Edward S. Johnston is an American multimedia artist and designer creating works involving interactive media, animation, and 3D printing. Johnston has exhibited and screened his work widely in the international Lumen Prize Exhibition, World Maker Faire New York 2012, Los Angeles Center for Digital Art (DigitalArt.LA 2010), the Philoctetes Center, New York, NY (The Matter of Time 2010); the Tank Space for Performing and Visual Arts, New York, NY   (ArcheTime 2009); Video Art Festival Miden 2009, Kalamata, Greece; the Best of Artomatic 2009 at the Fraser Gallery, Bethesda, MD; PLAY Gallery on Michigan Television; the Emmanuel Gallery, Denver, Colorado (Substance 2007); and the Cothenius Gallery, Berlin, Germany (In Circulation 2006). His work has been included and reviewed in magazine articles, online newspapers, catalogues for exhibitions, and other publications.

Education and Teaching 
Edward Johnston was born in Washington, D.C. He received a Master of Fine Arts degree from the University of Michigan School of Art & Design, a Master of Education degree from the University of Notre Dame, and a Post-baccalaureate Certificate in Fine Art from the Maryland Institute College of Art. Johnston teaches at the Robert Busch School of Design at Kean University. He has taught at Monmouth University, the University of Michigan, PGCC, and the Capitol Hill Arts Workshop (CHAW).
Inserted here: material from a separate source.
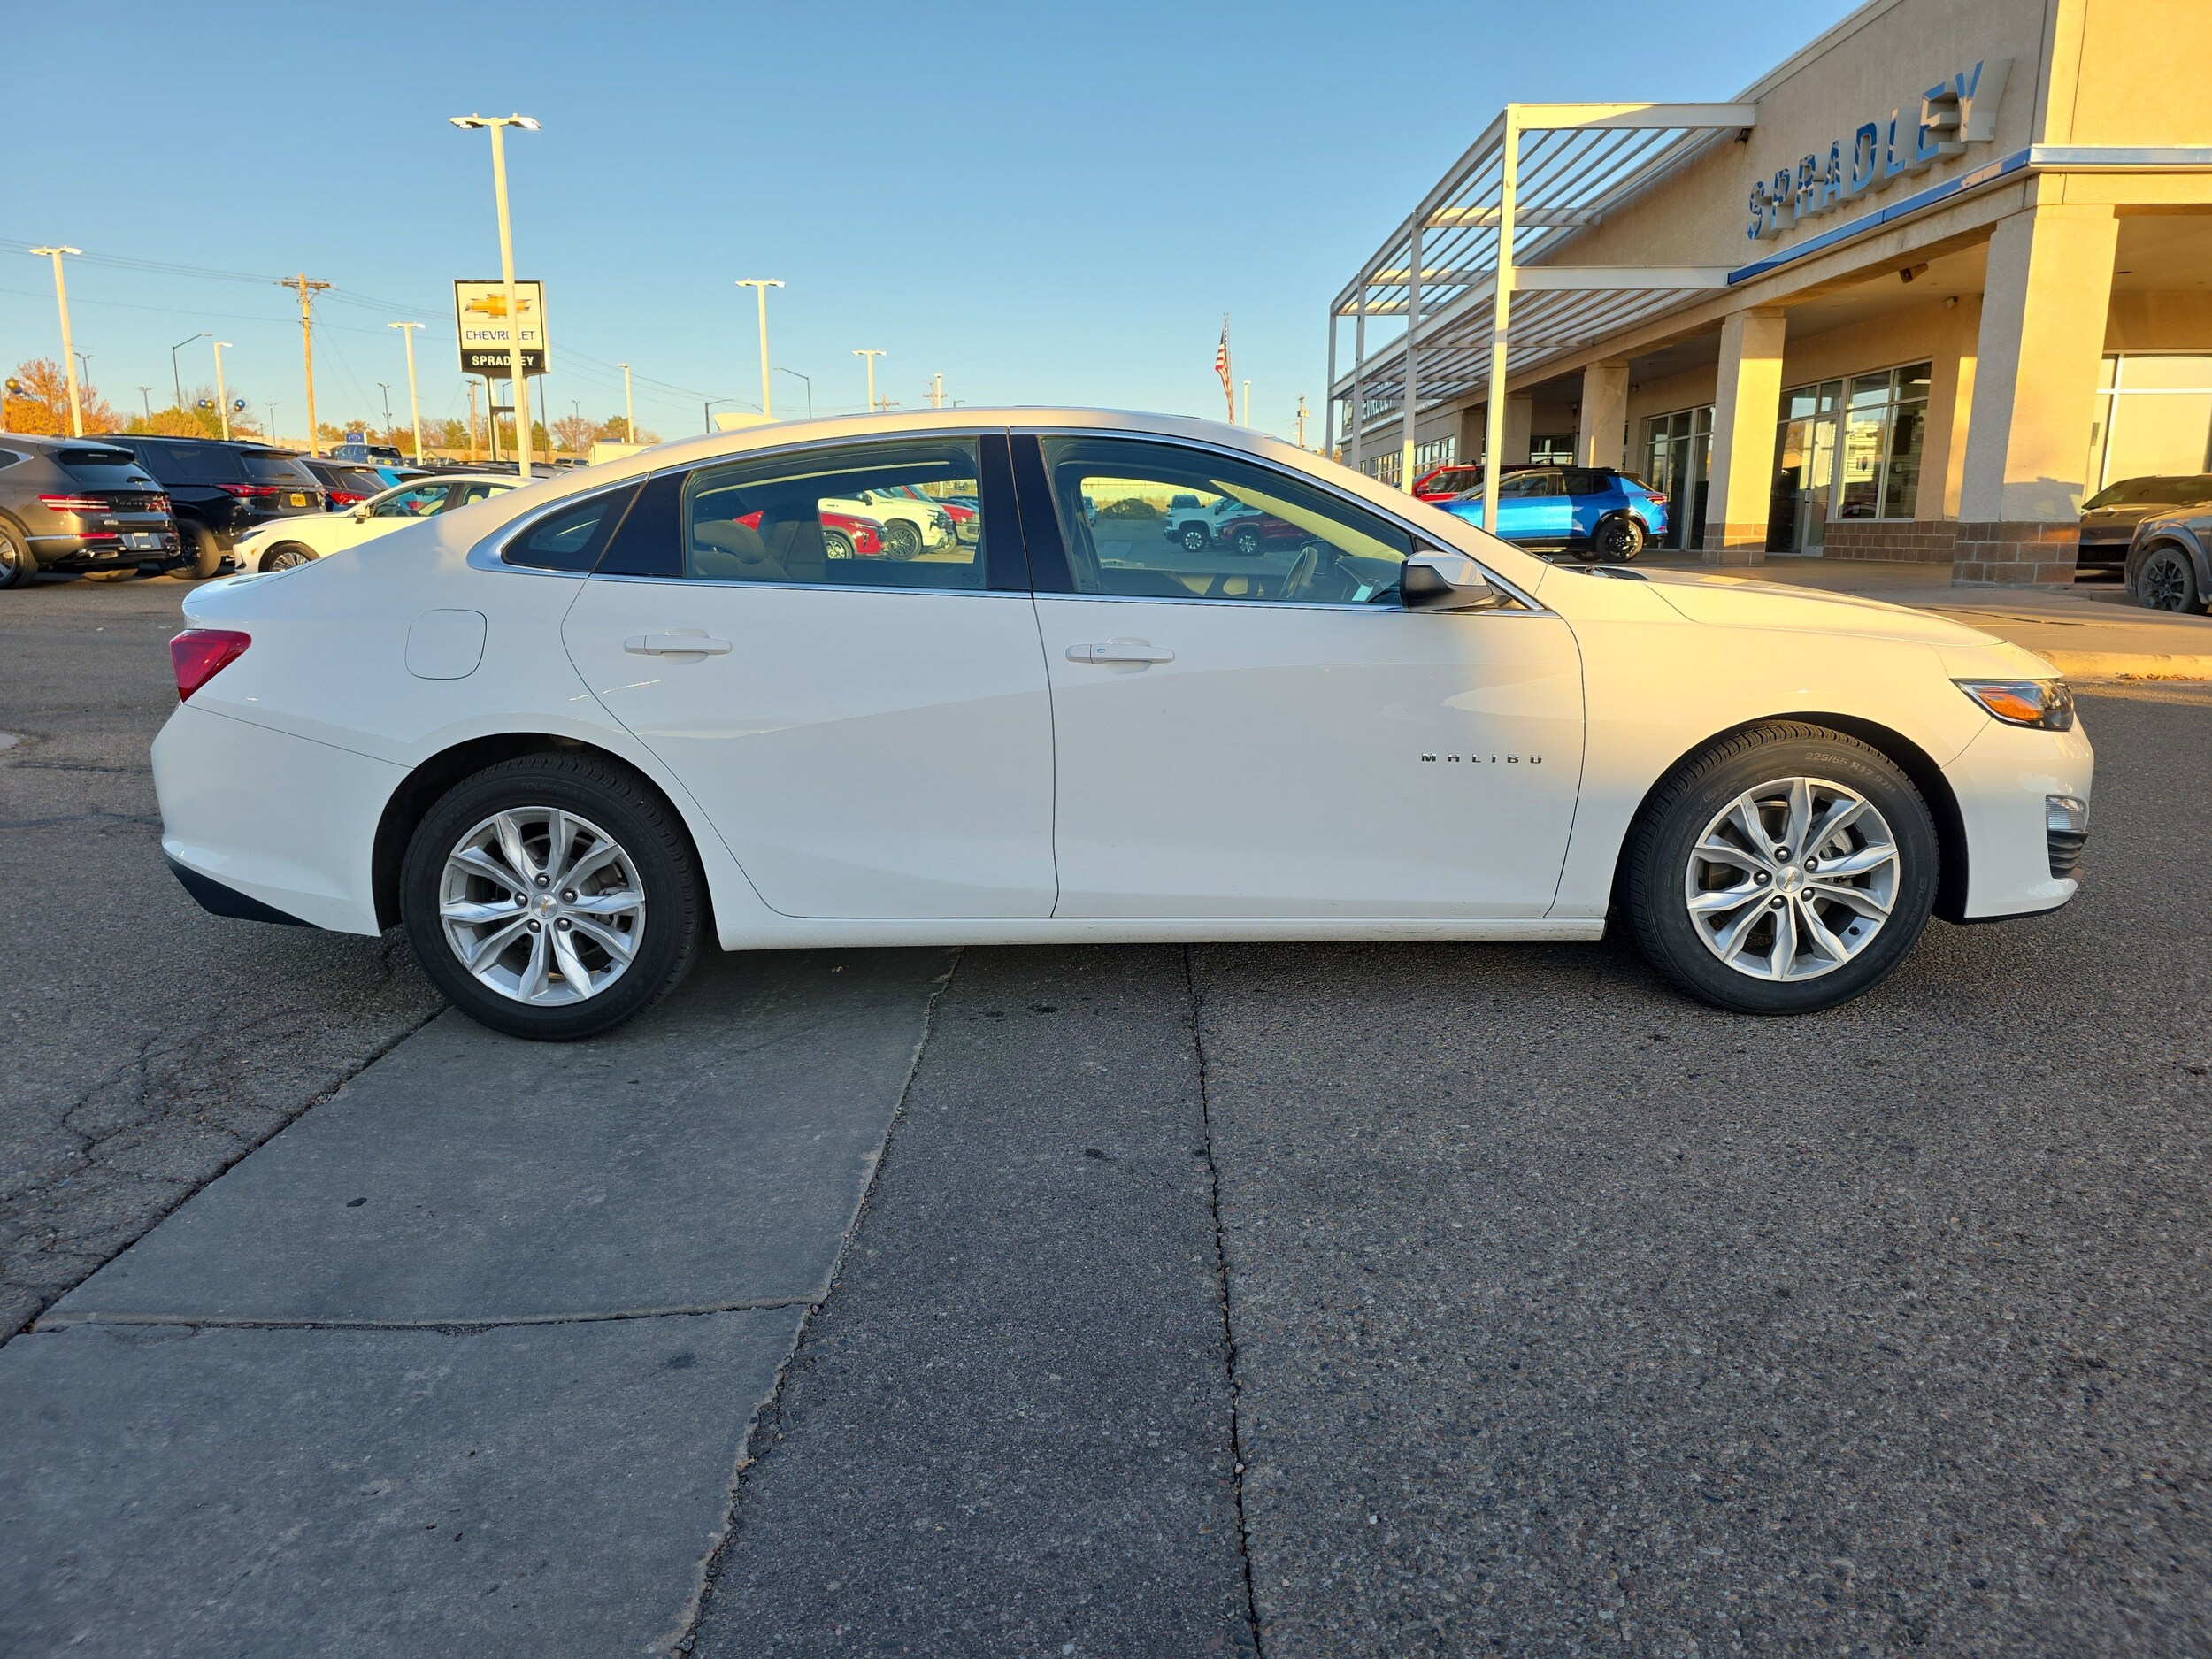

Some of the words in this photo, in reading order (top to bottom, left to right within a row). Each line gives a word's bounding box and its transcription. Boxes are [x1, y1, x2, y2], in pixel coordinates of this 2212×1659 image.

Fellowships, Honors, Awards and Grants 
 2013 Augmented Asbury Park project selected for Creative Capital's On Our Radar website (online until 9/30/2013)
 2012 Work selected for the Lumen Prize Exhibition 50
 2011 Grant-in-Aid for Creativity, Monmouth University
 2010 Trailblazer Grant, PGCC Teaching-Learning Center
 2009 YAP Grant, D.C. Commission on the Arts and Humanities, partly funded by the National Endowment for the Arts
 2009 YAP Supplemental Grant, D.C. Commission on the Arts and Humanities, partly funded by the National Endowment for the Arts
 2009 Best of Artomatic – Work selected from over 1000 artists at Artomatic 2009, Washington, D.C.; included in "Best of Artomatic" Fraser Gallery, Bethesda, MD
 2008 Honorarium, Krasl Art Center, St. Joseph, MI
 2008 Research Grant, Rackham School of Graduate Studies, University of Michigan, Ann Arbor, MI
 2007 Honorarium, Big Ten Conference, Park Ridge, IL
 2007 Harold and Vivian Shapiro/John Malik Award, Rackham School of Graduate Studies, University of Michigan, Ann Arbor, MI
 2005–08 Jean Paul Slusser Fellowships, University of Michigan School of Art & Design, Ann Arbor, MI

References

External links 
 Artist Website

Living people
American digital artists
New media artists
American animators
American multimedia artists
Kean University faculty
Artists from Washington, D.C.
Maryland Institute College of Art alumni
University of Notre Dame alumni
Penny W. Stamps School of Art & Design alumni
Year of birth missing (living people)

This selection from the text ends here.